Across the top of the screen there are individual upload buttons for photos, videos and recordings. Users can also upload files by drag and drop. I thought this was a neat addition; it makes the process of quickly uploading snaps of your life at regular intervals much easier. They’ll automatically be fitted into your lime tree based on their meta data.

Write letters and notes to your child on important occasions

Write letters and notes to your child on important occasions

The fourth is a ‘Letter’ option which allows the parent to write a letter to their child. Letters, like the other files, carry the “Moment Date” and can be made visible to the entire family or individually selected members.

Building Your Network

In order to release your lime tree to you family, you’ll need to add them to your account. A spouse can be added (which requires an email address). They can also upload files to the tree.

Children do not require an email address in order to be added to the account, although one must be added at some point in order to release the lime tree to them. You can also share parts or all of your limetree on Twitter or Facebook.

Is Limetree Worth it?

Your first 25 photographs and one minute of video and sound are free. However, that’d make for quite a paltry digital scrapbook. You can upload unlimited amounts of photos, videos or audio files for €30 per annum, or €25 is you buy two years at once (€50).

This is quite a high price point, particularly considering that most customers will likely keep their lime trees for a time period in excess of ten years (€250+). Many readers are likely considering cheaper alternatives such as Dropbox or Google Drive. These services can provide a bare-bones service (storage) for free.

€25 per year is steep for light users

€25 per year is steep for light users

However, Limetree stress the security and longevity of their service; I guess if Dropbox goes under in five years, so too will everything that’s stored on their servers. The automatic release of your Limetree after a period of inactivity (read: in case you die) is another distinguishing feature, yet I suspect it’ll be a hard sell.

Limetree is expensive but it does offer a secure, isolated area to keep family memories. I think it’s only worth using if you plan to use it a lot. You’d need to be uploading family holiday videos and photos every few months for €25 per year to seem justifiable.

My Thoughts on the Service

Not having any kids myself I was a little sceptical about Limetree at first. I mean, surly if you want your kids to see photographs of themselves covered in cake, you’d keep an album like our parents did.

How will we store our family pictures in fifteen years?

How will we store our family pictures in fifteen years?

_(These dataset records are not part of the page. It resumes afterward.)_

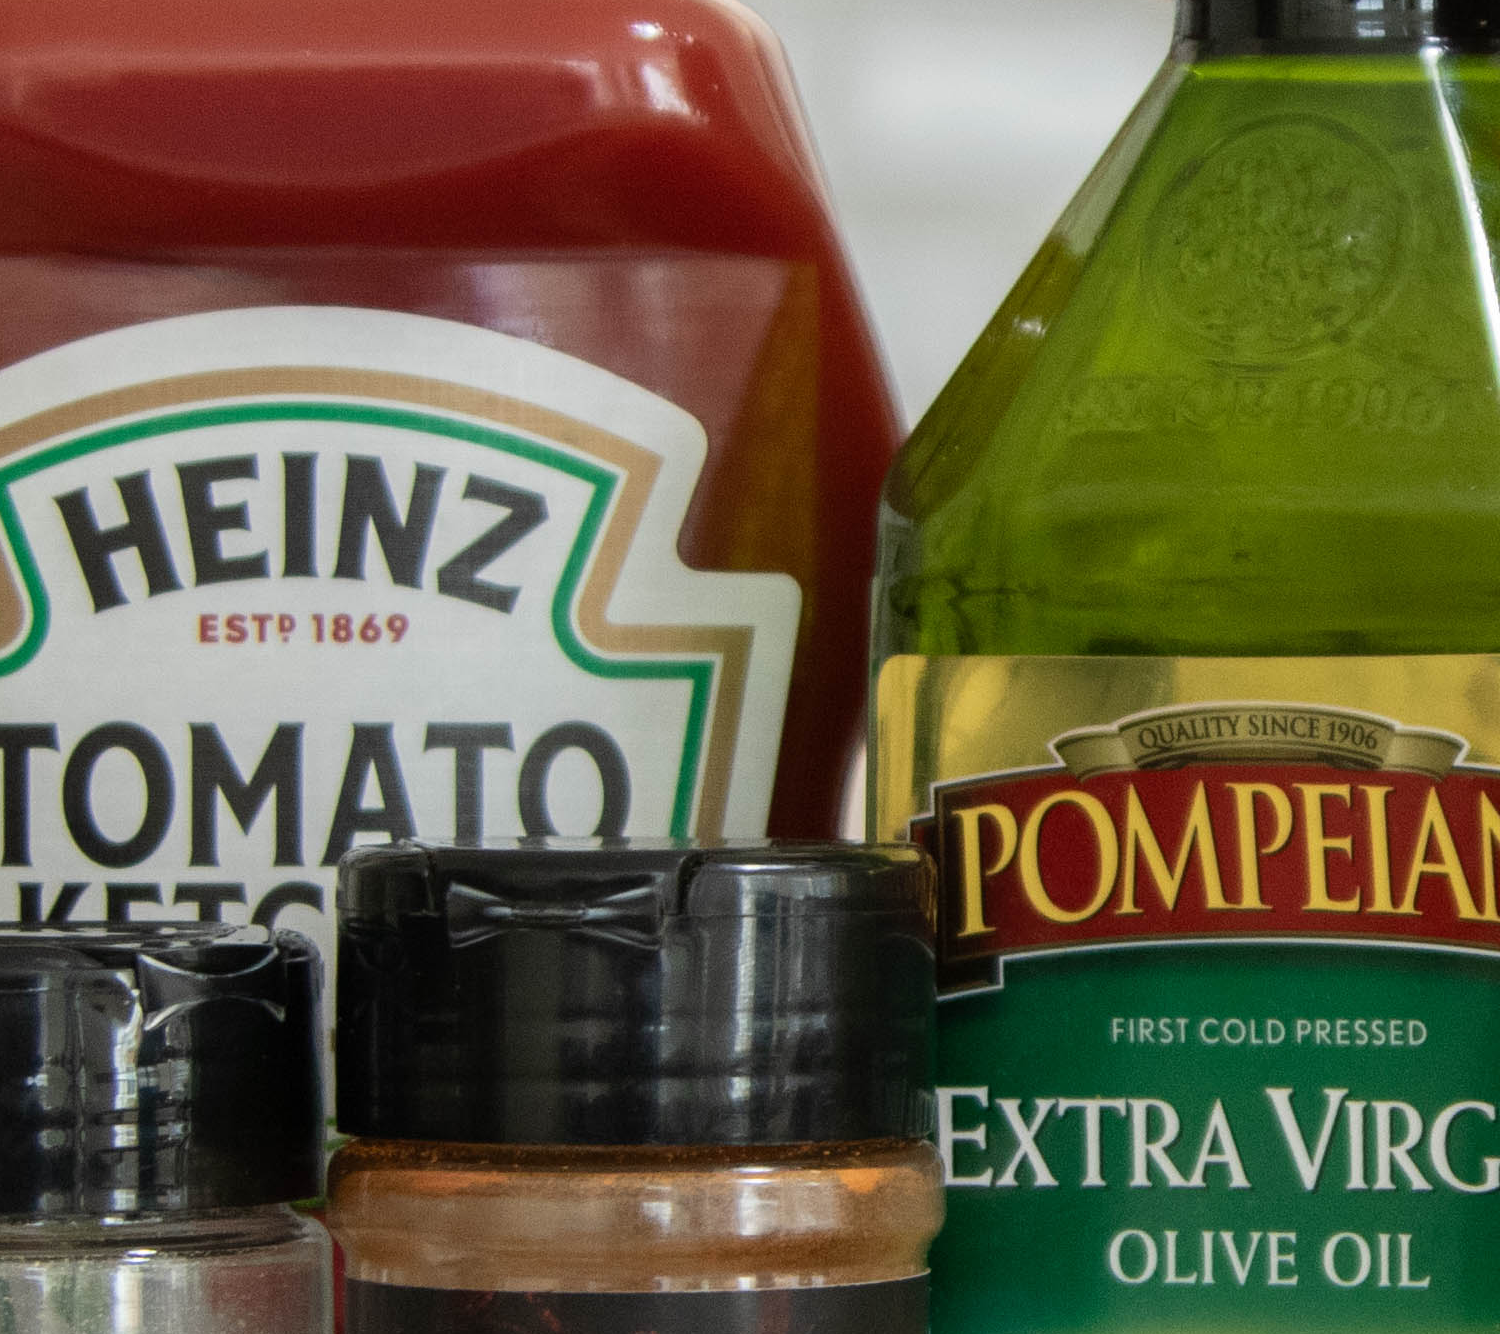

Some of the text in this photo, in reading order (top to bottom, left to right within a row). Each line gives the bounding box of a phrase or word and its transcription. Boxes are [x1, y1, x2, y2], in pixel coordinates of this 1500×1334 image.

[53, 451, 549, 614] HEINZ
[311, 612, 410, 645] 1869
[1138, 713, 1379, 752] QUALITY SINCE 1906
[1111, 1017, 1428, 1048] FIRST COLD PRESSED
[935, 1084, 1252, 1190] EXTRA
[1108, 1228, 1432, 1289] OLIVE OIL

But then, when was the last time I heard of anyone getting a photograph developed? Or framed? Facebook, Twitter, Flickr and Instagram all catalogue our lives and many experts tell us that our grandchildren will be able to see what we got up to.

Right now if you upload something to the Internet, it’s there permanently; in one form or another. But, for how long? These experts don’t take into account the personal data privacy laws currently bouncing around the European Commission that’d put a stop to all that. Perhaps the next generation will see sense and stop plastering their entire lives and those of their children’s all over Facebook? What then?

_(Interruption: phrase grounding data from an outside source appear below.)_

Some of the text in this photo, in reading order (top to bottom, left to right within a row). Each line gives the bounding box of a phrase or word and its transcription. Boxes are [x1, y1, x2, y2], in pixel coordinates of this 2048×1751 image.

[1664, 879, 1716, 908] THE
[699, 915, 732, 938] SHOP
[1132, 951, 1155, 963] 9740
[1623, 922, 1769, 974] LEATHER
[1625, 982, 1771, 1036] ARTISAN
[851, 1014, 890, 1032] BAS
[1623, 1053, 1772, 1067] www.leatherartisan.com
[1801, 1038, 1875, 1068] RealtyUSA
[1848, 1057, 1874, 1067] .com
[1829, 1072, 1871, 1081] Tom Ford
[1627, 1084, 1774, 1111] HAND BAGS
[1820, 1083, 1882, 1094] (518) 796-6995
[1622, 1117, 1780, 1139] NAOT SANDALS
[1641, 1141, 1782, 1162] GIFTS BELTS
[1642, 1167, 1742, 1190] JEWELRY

A service like Limetree makes for an awesome middle ground between retro photo albums and super-public social networking. Their motto is, “This is not a social network, this is between you and your child”. Damn. Maybe they’re ahead of the curve on this one.

Conclusion

It’s an expensive Scrapbook but it comes with peace of mind, automatic organisation and some great family-centric features. They’ve also made it easy for Limetree to be given as gift to parents of a newborn.

This is a unique take on online storage that could be really useful to shutterbug parents. At the very least, it’s unlimited file storage for €25 per year.